Tech memories, sometimes, are the shortest memories of all. Do you remember what "smartphones" were like before the iPhone? Unless you were fairly well-off, you may not have any clear recall of those hazy days of 2007, when the Palm Treo and the BlackBerry ruled the world. Maybe your dad has one in a drawer somewhere -- go find it, power it up, and take a trip back to the Dark Ages (comparatively speaking). Eight years ago today, Steve Jobs blew up Macworld West in San Francisco with an earth-changing announcement.
Whether you currently own an iPhone or not, all modern smartphones -- every last one of them -- are essentially based on the iPhone. That's how much of a paradigm shifter the phone that Jobs built was. Yes, even you, the Fandroid with the Samsung t-shirt who is proud of his Apple Derangement Syndrome-esque posts: you're ignoring (or ignorant of) your history. Google and BlackBerry engineers alike have since admitted that when they saw the iPhone, they knew that all their current and previous work was dust.
Best of all, it's very obvious that Steve Jobs, visionary that he was, knew exactly what he was holding. He knew that Apple had genuinely done it -- had brought together a combination of inventions, sweat and clever combinations of existing technology into a world-beating, life-changing stroke of genius that would redefine the whole industry.
When he said during his introduction that Apple had "re-invented the phone," truer words have rarely been spoken. It was probably not Apple's intention to kill off the concept of the "land-line," re-purpose all of America's existing phone providers, and completely change the way nearly everyone on earth communicates, but Jobs clearly had a notion that the iPhone could wreak such havoc -- and that's why there's a big dopey grin and a twinkle in his eye throughout the entire segment.
The iPhone was introduced an astonishing six months ahead of its arrival to the market. His teaser for the product is nothing short of brilliant, from the "oh, one more thing," slyness to rousing the crowd with the promise of three new products: a widescreen iPod with touch controls, a breakthrough Internet communicator, and a revolutionary mobile phone. He repeated it, yelling "do you get it?" before raising the roof off the place by revealing that this was all in one device.
Six months later, I found myself standing in a sweltering Florida queue outside an AT&T store with maybe 50 or so others for several hours for the privilege of handing the company $500 of my hard-earned money and signing a cell contract for the first time in my life (yes, that's right, you kids -- you had to pay big bucks for the phone and sign a two-year pact). Within a few days of using it, I understood that all smartphones forevermore would be like this one. It was the top-selling phone in its very first month, a position it often retains at most US carriers, most months, ever since.

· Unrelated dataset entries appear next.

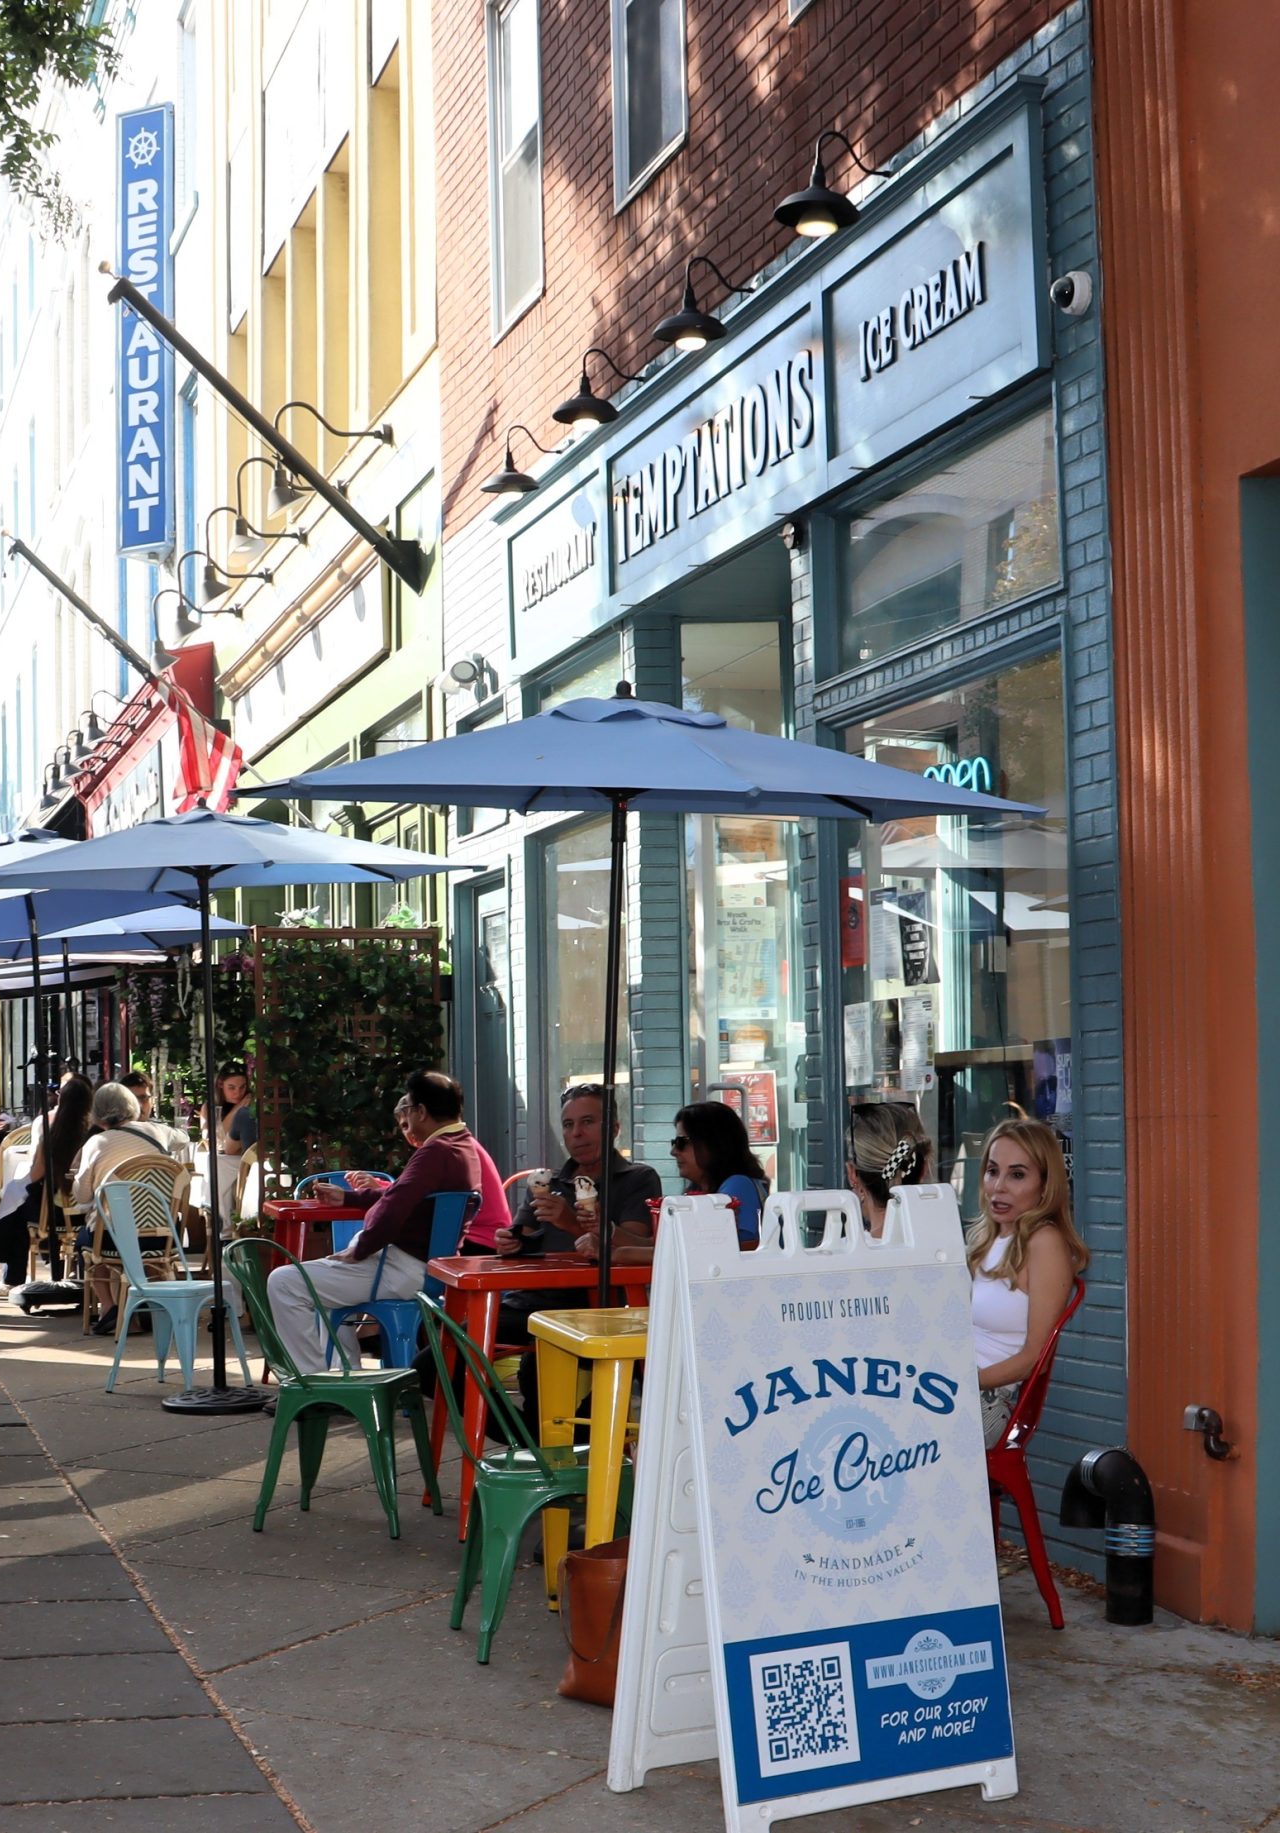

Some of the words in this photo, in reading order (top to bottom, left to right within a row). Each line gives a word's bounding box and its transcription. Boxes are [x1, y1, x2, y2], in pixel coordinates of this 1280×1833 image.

[858, 306, 897, 382] ICE
[899, 241, 986, 350] CREAM
[613, 349, 815, 565] TEMPTATIONS
[522, 522, 596, 612] RESTAURANT
[1057, 1053, 1072, 1067] SUP
[1058, 1068, 1072, 1088] FU
[1058, 1089, 1072, 1103] PAR
[781, 1300, 833, 1322] PROUDLY
[840, 1296, 890, 1318] SERVING
[725, 1357, 958, 1436] JANE'S
[756, 1448, 824, 1514] Ice
[834, 1432, 941, 1492] Cream
[794, 1569, 807, 1580] IN
[811, 1575, 832, 1587] THE
[837, 1574, 884, 1587] HUDSON
[887, 1551, 924, 1577] VALLEY
[819, 1545, 902, 1570] HANDMADE
[873, 1650, 987, 1680] WWW.JANESICECREAM.COM
[881, 1711, 908, 1728] FOR
[914, 1705, 942, 1722] OUR
[947, 1697, 988, 1718] STORY
[898, 1728, 926, 1745] AND
[932, 1716, 976, 1739] MORE!
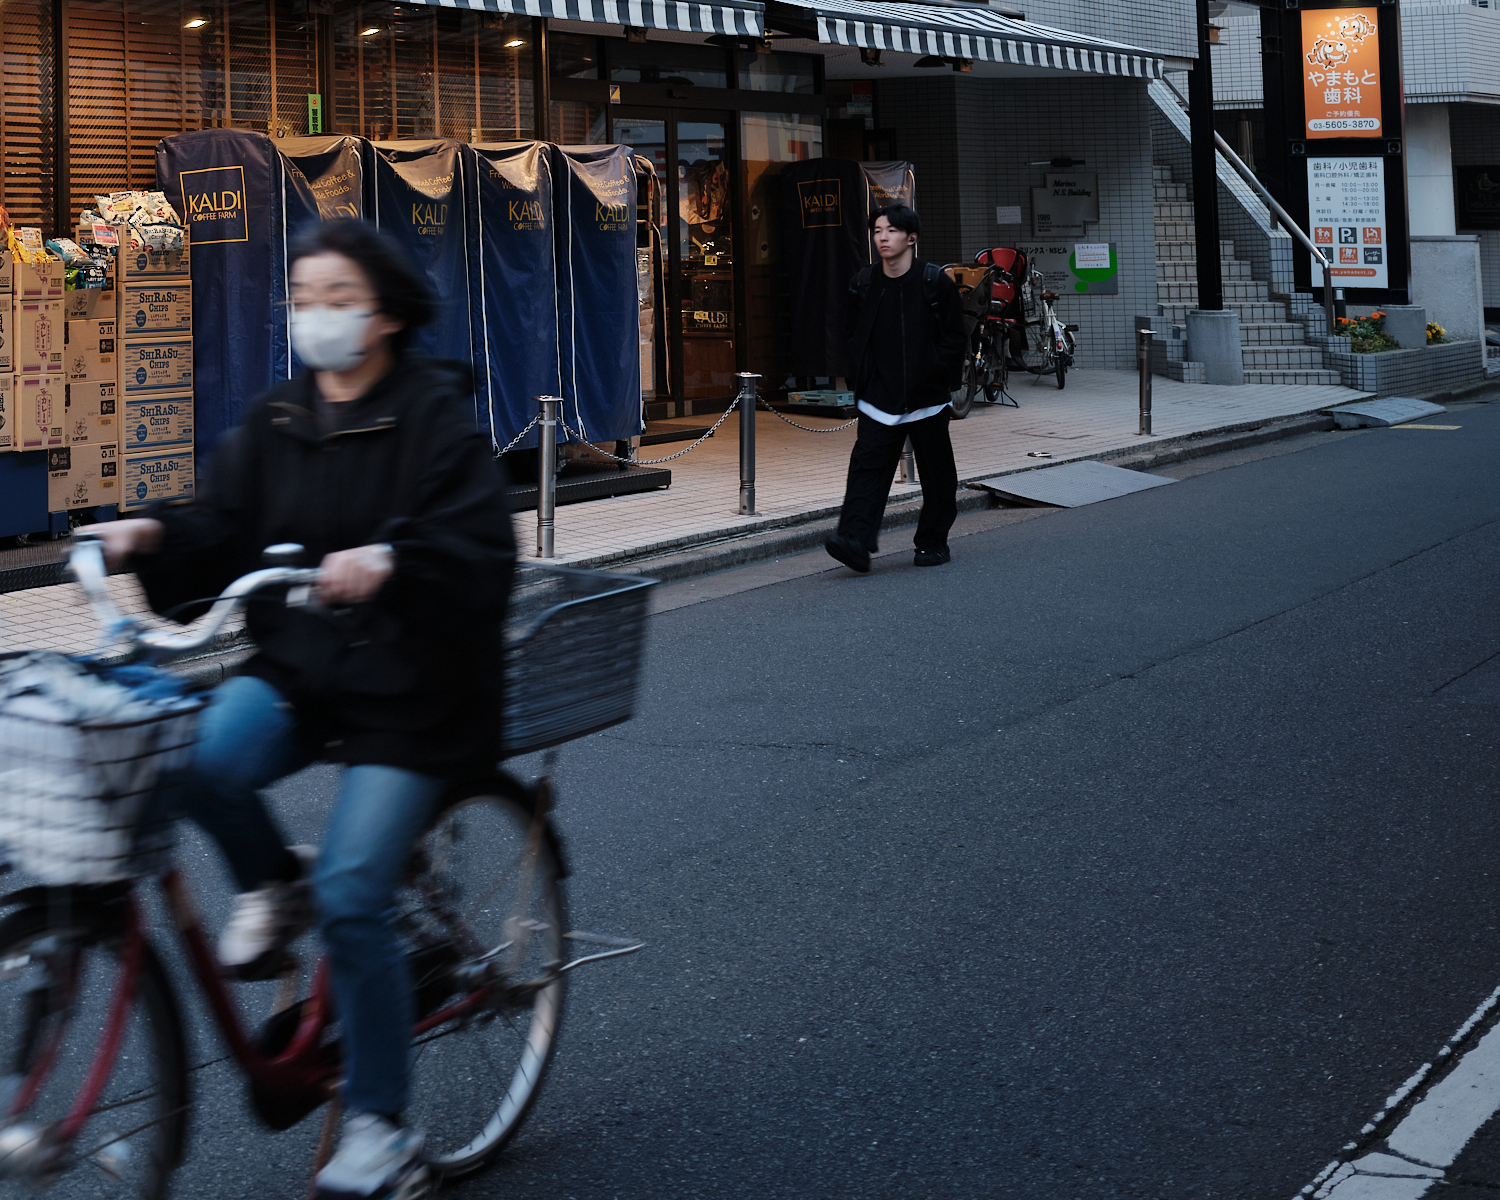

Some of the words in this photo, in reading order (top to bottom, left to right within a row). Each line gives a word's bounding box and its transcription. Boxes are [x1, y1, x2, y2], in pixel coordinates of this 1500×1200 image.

[1308, 69, 1377, 87] やまもと
[1323, 87, 1362, 104] 歯科
[1313, 120, 1375, 129] 03-5605-3870
[189, 190, 242, 213] KALDI
[803, 193, 838, 209] KALDI
[192, 212, 217, 222] COFFEE
[218, 211, 237, 220] FARM
[412, 203, 449, 225] KALD
[509, 200, 545, 221] KALDI
[595, 202, 630, 221] KALDI
[1037, 213, 1051, 221] 1989

Lots of people unfairly give Steve Jobs sole credit for the iPhone, as if he invented it personally. This is a bit like saying Neil Armstrong single-handedly landed on the moon. Still, Jobs deserves some of the accolades -- for being an inspiration, for knowing where and when to say no, and for driving the teams that did create the various components to work together towards a singular vision. All of Apple's employees, however, should take pride in whatever they've contributed, back then or more recently, to the various iterations of the iPhone. It truly is a product on par with the light bulb in its effect on the world and the millions of ways, large and small, that it changed all our lives.
-- Charles Martin (@Editor_MacNN)
When I saw Steve's keynote about the iPhone, I was reasonably certain that it was the wave of the future, but with a baby on the way, there was just no way I could shell out that kind of dough for it. I knew I'd ultimately get one, but it would take time, so I'd suffer along with my existing piece of crap.
In February of the following year, my daughter developed some serious medical problems. Using the crap phones of the day, I called my entire family for assistance, but given the delightful state of emails on phones, voicemail, text messaging, reception, and the other garbage, it took ages to get anybody.
As soon as I could after the incident, I ponied up for the iPhone for two of my family members. The bevy of ways we could get each other with the new phone in an emergency was a safety blanket for new parents dealing with a baby with a chronic condition. Those phones are gone, but at this point, we wouldn't think about anything else. This says nothing about the connectivity from the phone during one of our many hospital stays, which was a boon as well to soothe frazzled relatives.
So, thanks, Steve. I've got a kid who hasn't joined you in part because of your phone.